START Source data

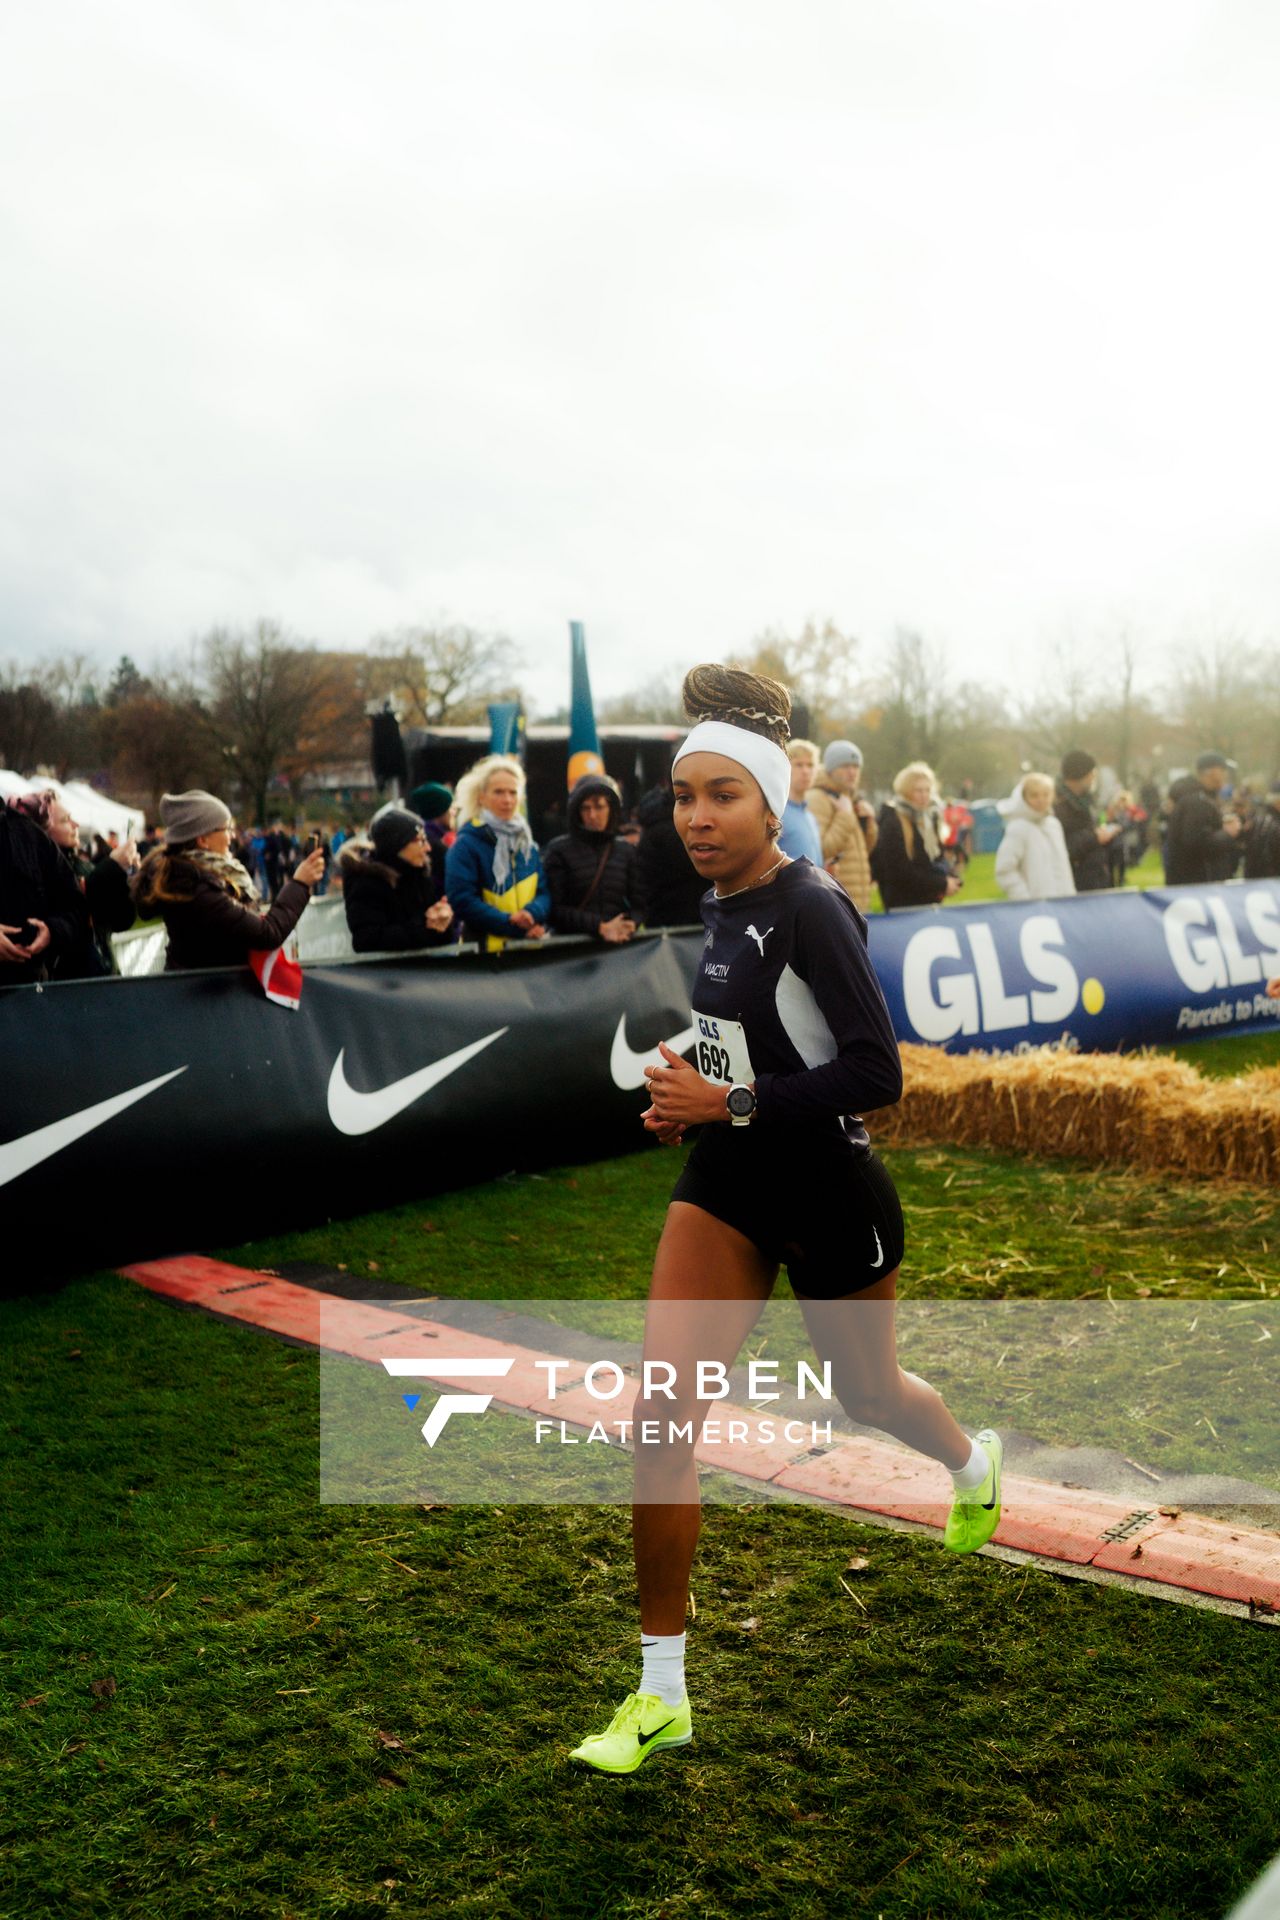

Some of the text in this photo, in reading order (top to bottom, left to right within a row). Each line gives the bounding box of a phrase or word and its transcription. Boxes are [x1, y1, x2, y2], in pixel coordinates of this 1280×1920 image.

[704, 962, 730, 977] VIACTIV
[1176, 1000, 1234, 1030] Parcels
[1235, 999, 1252, 1021] to
[699, 1041, 734, 1083] 692

END Source data

Problem:
All text in the material above must be written out exactly; the images are to be skipped.

Task response:
Some of the text in this photo, in reading order (top to bottom, left to right within a row). Each line gives the bounding box of a phrase or word and its transcription. Boxes are [x1, y1, x2, y2], in pixel coordinates of this 1280×1920 image.

[704, 962, 730, 977] VIACTIV
[1176, 1000, 1234, 1030] Parcels
[1235, 999, 1252, 1021] to
[699, 1041, 734, 1083] 692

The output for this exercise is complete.